Of course, converting coal plants into renewable energy facilities comes with some challenges. The process of burning coal to create electricity is significantly different from geothermal or hydrogen power generation. Renewables require different technologies and infrastructure. So, the first and most obvious hurdle to converting coal plants is the investment and work required to physically convert these facilities. That may only be possible at some retired coal plants for various reasons. For instance, geothermal power plants can only be built in locations that have underground geothermal energy sources. The switch to renewables isn’t a one-step process, either. Reducing the negative impact of climate change also requires addressing pollution created by coal plants. For example, the sites of some retired plants may need bioremediation. This process cleans water and soil to remove toxicity and pollution, such as acidity, carbon pollution, particulates and microbial contamination. Bioremediation and similar processes are an important part of ensuring the communities around coal plants can live safely and recover from coal-related pollution. These processes maximize the local benefits of transitioning coal plants to renewable power plants. Additionally, existing coal industry workers will require training to work with geothermal or hydrogen power instead. Retraining existing employees is highly advantageous since they’ve proven they have the right skill set to succeed in the energy industry. Reskilling coal employees ensures everyone benefits from transforming retired coal plants.

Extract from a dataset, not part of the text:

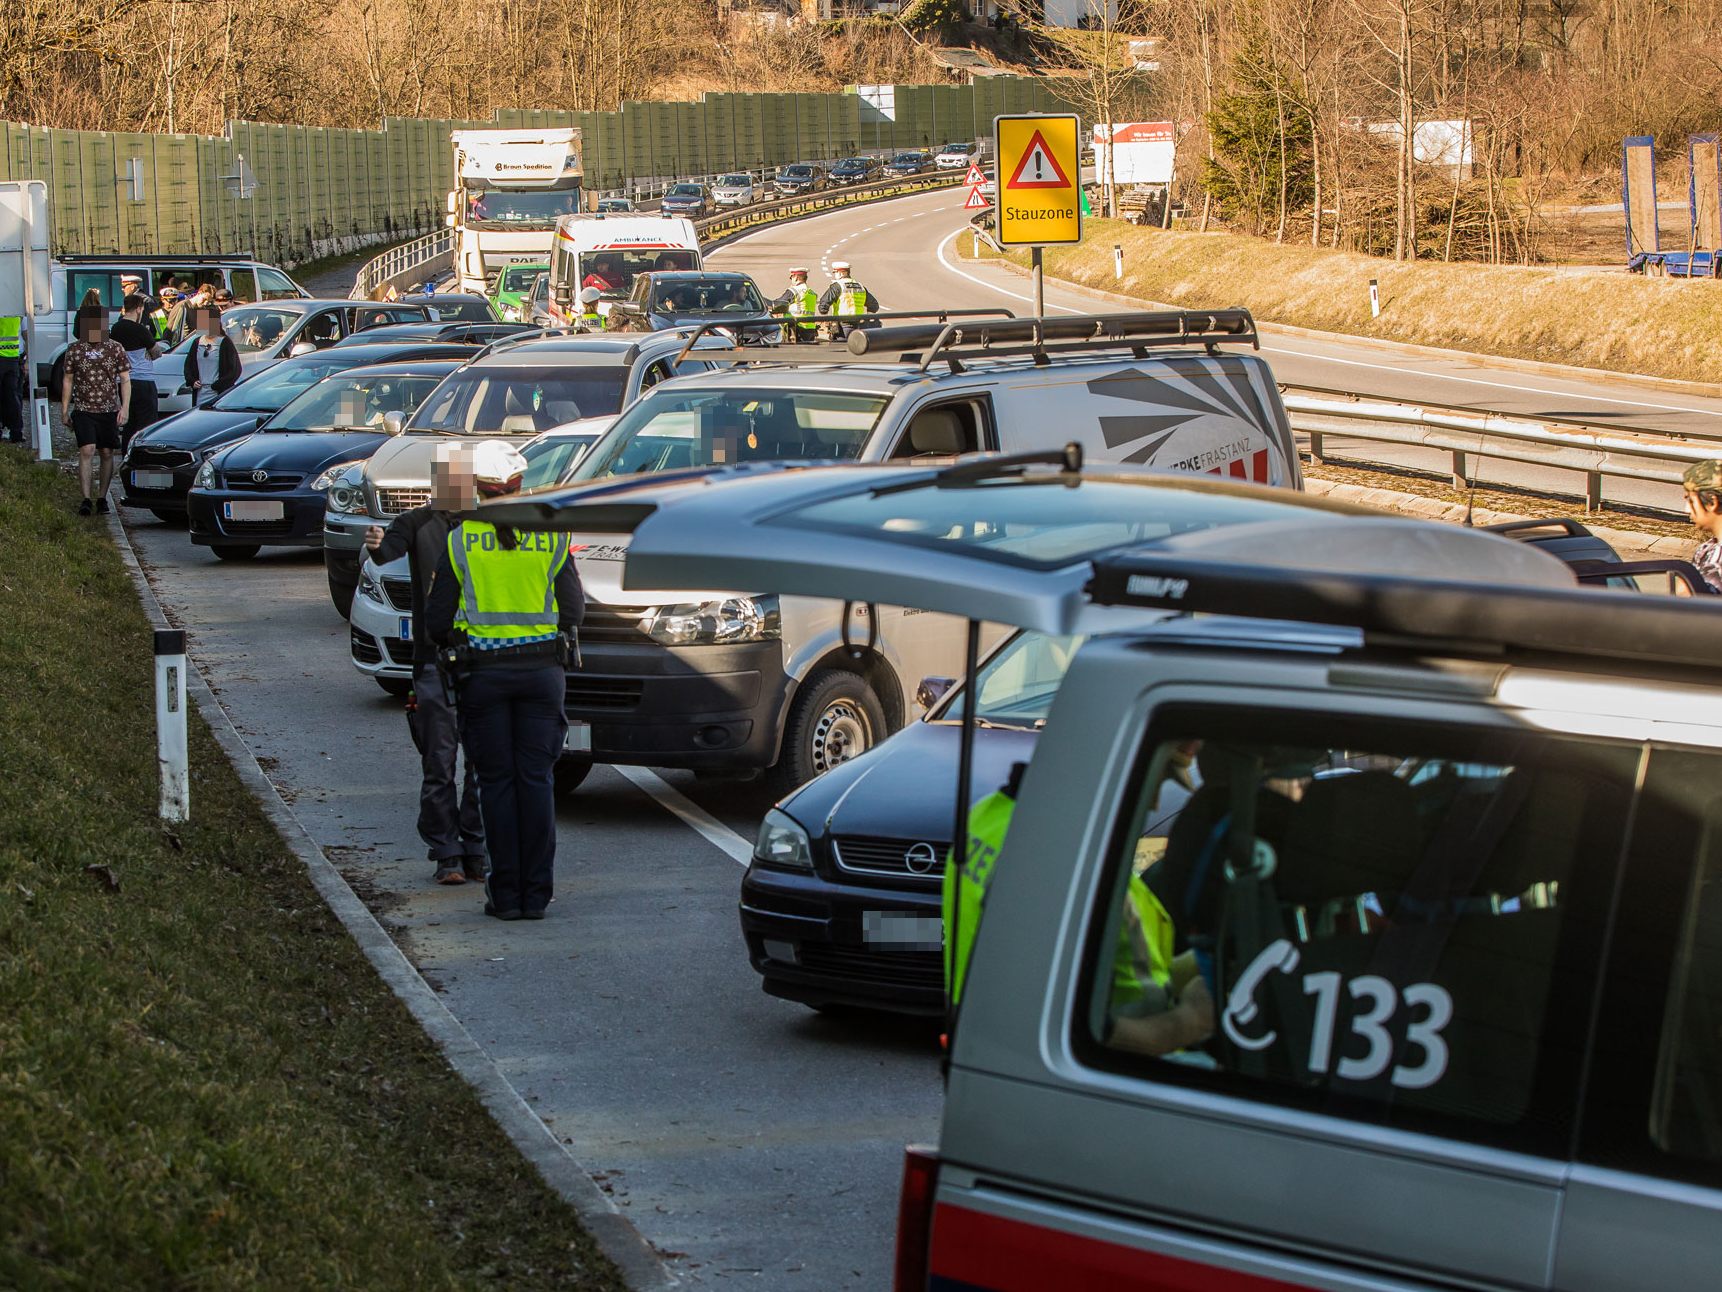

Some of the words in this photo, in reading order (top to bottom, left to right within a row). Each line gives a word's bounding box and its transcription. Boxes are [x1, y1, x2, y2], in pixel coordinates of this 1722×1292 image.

What would converting retired coal plants into hydrogen or geothermal power plants require? First, location would determine whether geothermal power is an option. Geothermal energy requires a subsurface heat or steam source, such as a hot spring or hydrothermal vent. These power sources may only be available near some coal plants. If geothermal power is an option, a retired coal plant would be refitted with the equipment necessary to draw heat or steam from an underground reservoir. Depending on the geothermal power source, the heat could be used to heat buildings, or steam could generate electricity. Hydrogen power plants are generally more flexible than geothermal and may be able to reuse more of a retired coal plant’s existing infrastructure. Hydrogen production has many sources, including nuclear power, biomass, wind and solar. Hydrogen power plants create electricity by feeding liquid hydrogen into fuel cells, similar to how fuel cell electric vehicles work but on a larger scale.
Transitioning away from coal is necessary to combat climate change, but it doesn’t have to mean all new infrastructure. Converting retired coal plants into hydrogen or geothermal power plants creates valuable jobs, saves money, reduces waste and takes advantage of existing facilities. Communities founded on the coal industry can thrive in the new era of renewable energy and support the growth of clean electricity nationwide.